A few exchanges between my characters seem to fall flat. I'm trying to sort out why. I've used a few chunks of dialog in my story to bring in important details. (I used dialog ... because I knew to avoid info dumps.)

One beta reader said something along these lines, too, about some of the dialog seeming to be misused for the sole purpose of exposition.

As I stare at it, I think it's specifically the questions within the dialog. I think those are at odds with the characters. I think the characters, as I've built them, would not be so inquisitive.

I'm wondering what the guidelines are for using questions (and answers) in dialog as a means to expose information.

If this is too broad let me know and I can try to focus in.


Example: Imagine a character on the run, leaving his home in Big City. He takes a new identity and goes to Small Town. He claims to be from Different Big City.
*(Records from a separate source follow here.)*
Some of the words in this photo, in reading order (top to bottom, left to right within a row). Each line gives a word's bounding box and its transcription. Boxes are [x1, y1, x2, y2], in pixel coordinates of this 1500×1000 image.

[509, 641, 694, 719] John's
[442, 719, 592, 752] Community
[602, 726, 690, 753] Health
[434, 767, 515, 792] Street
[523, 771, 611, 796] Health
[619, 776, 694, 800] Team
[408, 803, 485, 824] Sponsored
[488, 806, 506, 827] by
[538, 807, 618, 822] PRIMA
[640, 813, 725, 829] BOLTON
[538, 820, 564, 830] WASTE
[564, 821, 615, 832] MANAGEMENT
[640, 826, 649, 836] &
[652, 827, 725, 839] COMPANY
People in Small Town are suspicious. They drill in, asking him questions about his past. He tries to keep his story straight, he tries to ask them questions too, because he doesn't know why they would care in the first place. They have their reasons.

^ using this set up, secrets and suspicions on both sides, I introduce world-building information over a couple chapters (about Big City, Different Big City, and Small Town). I thought it worked in the early drafts, but now I'm editing for flow again (after revisions to heighten tension throughout) and these chunks feel flat. The below gives you sense of the basic structure of this sort of dialog chunk ... which in my actual story would be embellished with details and setting to sound less horrible and more natural.
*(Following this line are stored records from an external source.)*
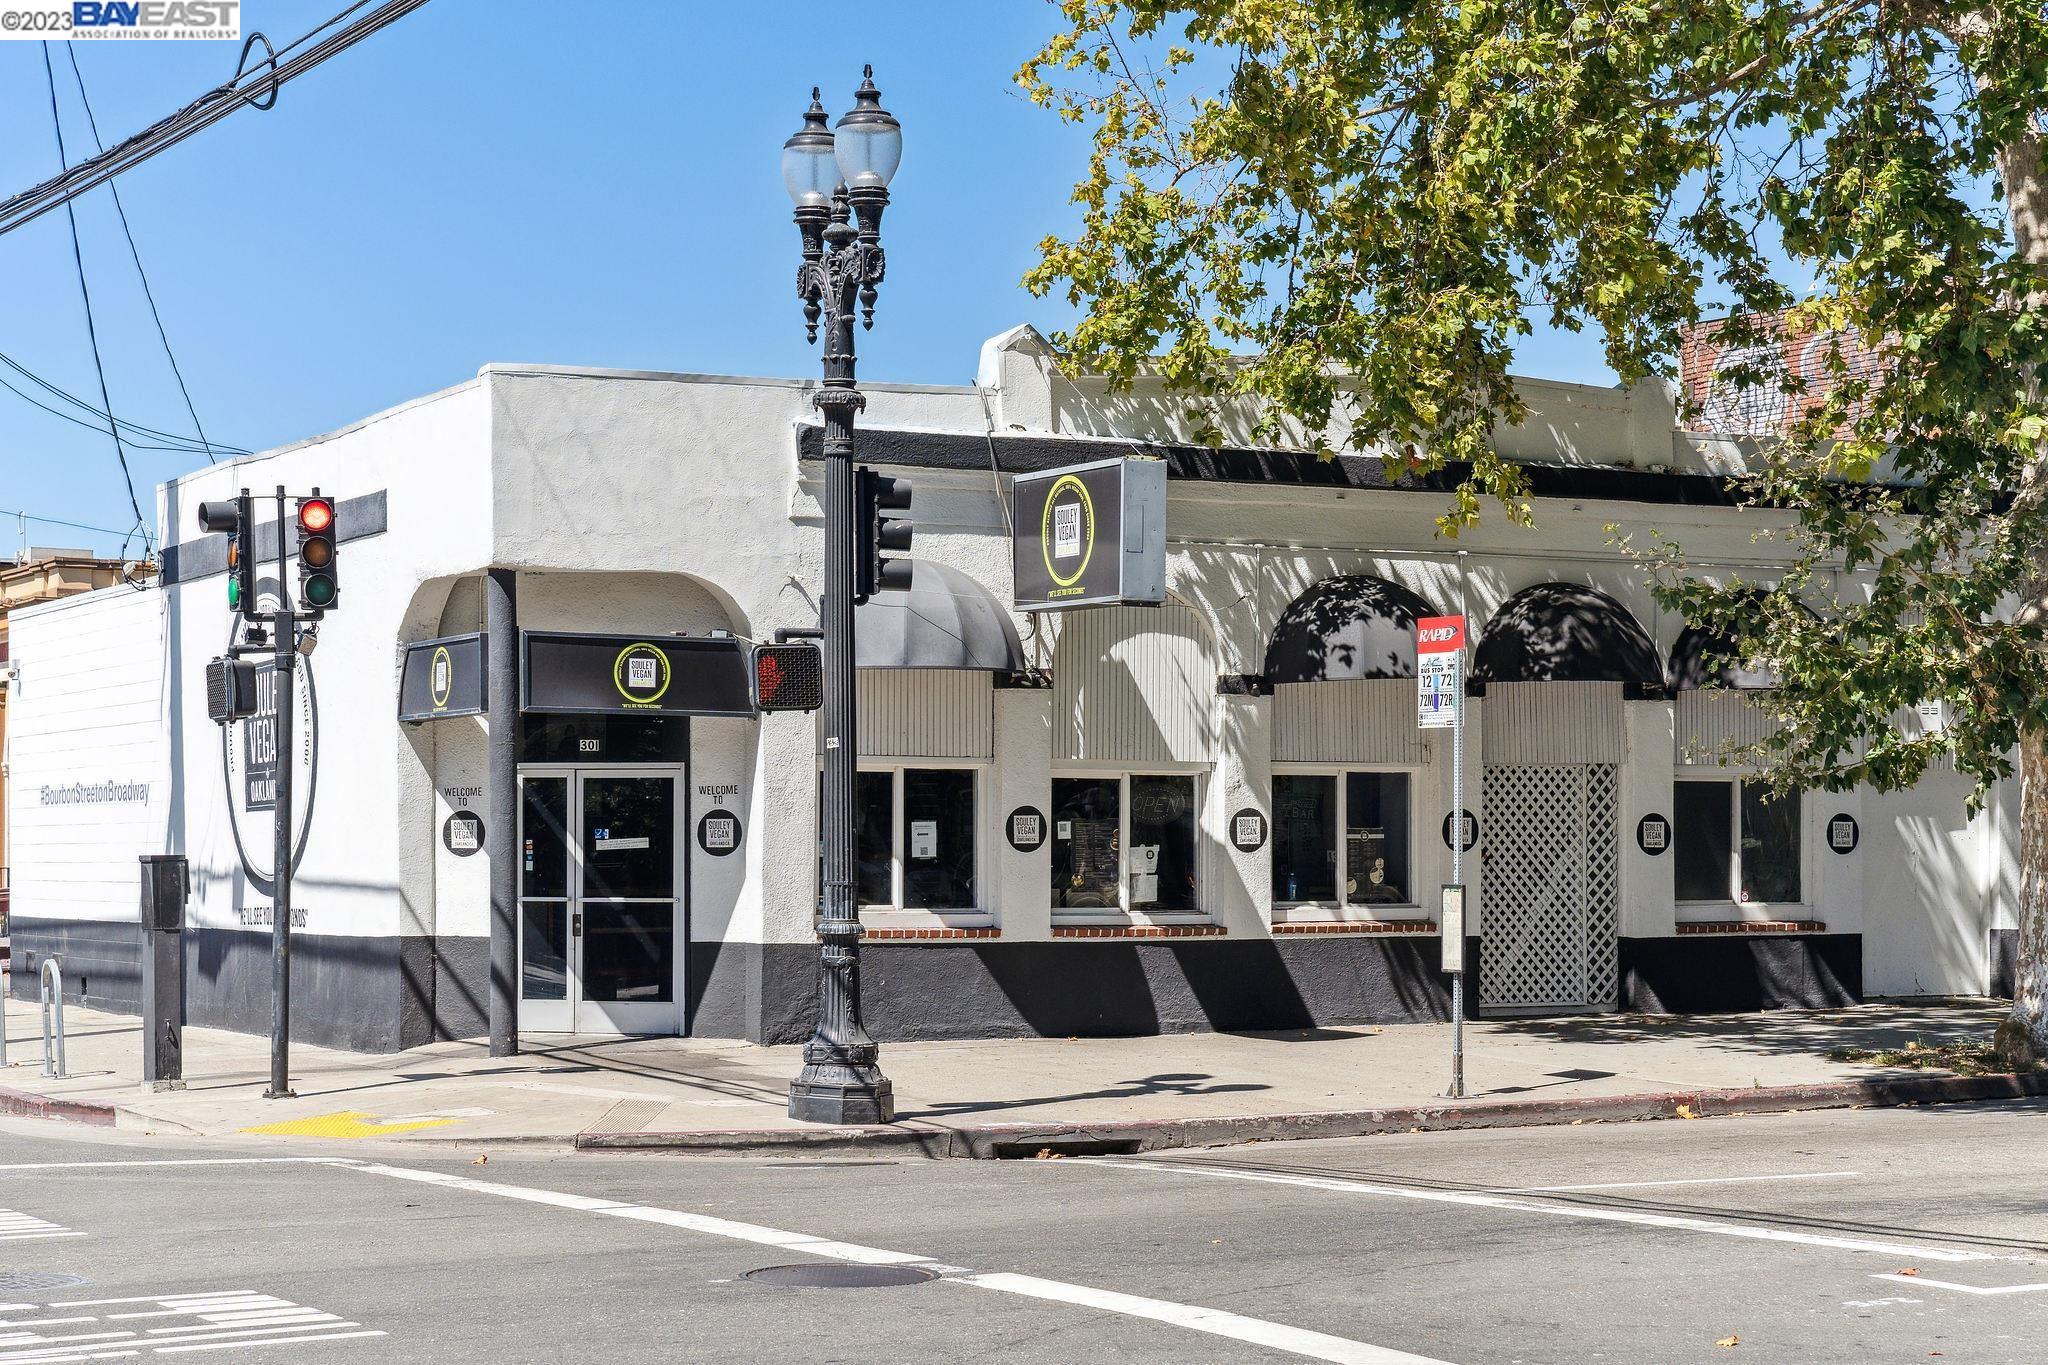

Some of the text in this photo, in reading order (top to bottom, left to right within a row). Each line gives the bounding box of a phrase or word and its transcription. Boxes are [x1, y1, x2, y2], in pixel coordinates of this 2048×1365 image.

[1057, 508, 1078, 525] SOULEY
[1058, 524, 1077, 541] VEGAN
[1419, 627, 1455, 643] RAPID
[631, 660, 654, 670] SOULEY
[632, 669, 652, 679] VEGAN
[1422, 673, 1452, 688] 12 72
[1420, 693, 1453, 707] 72M 72R
[301, 685, 310, 726] SINCE
[250, 719, 277, 765] VEGA
[581, 740, 598, 750] 301
[40, 779, 150, 807] #BourbonStreetonBroadway
[444, 787, 482, 797] WELCOME
[698, 784, 739, 795] WELCOME
[458, 797, 468, 806] TO
[713, 795, 723, 805] TO
[453, 821, 475, 831] SOULEY
[708, 820, 731, 830] SOULEY
[1016, 817, 1037, 826] SOULEY
[1016, 826, 1036, 835] VEGAN
[1645, 823, 1663, 831] SOULEY
[1834, 823, 1850, 831] SOULEY
[454, 830, 474, 840] VEGAN
[709, 829, 730, 839] VEGAN
[1645, 831, 1662, 839] VEGAN
[1835, 831, 1850, 839] VEGAN
Small Towner said, "Why do you say you're from Different Big City?"

Guy on the run responded, "We agreed to drop that. Why should it matter?"

Small Towner said, "It matters because (world building detail.)"

If I cut it, i lose the world building detail, which the reader needs. I think maybe Guy on the run wouldn't open himself to the conversation. He wouldn't ask 'why should it matter.' Not sure. And probably the last bit is too on the nose, but not sure where to go with that problem.

Second edit: Using a combination of suggestions here, it is improving, flowing more naturally, and characterization is deepening. Thank yous all around.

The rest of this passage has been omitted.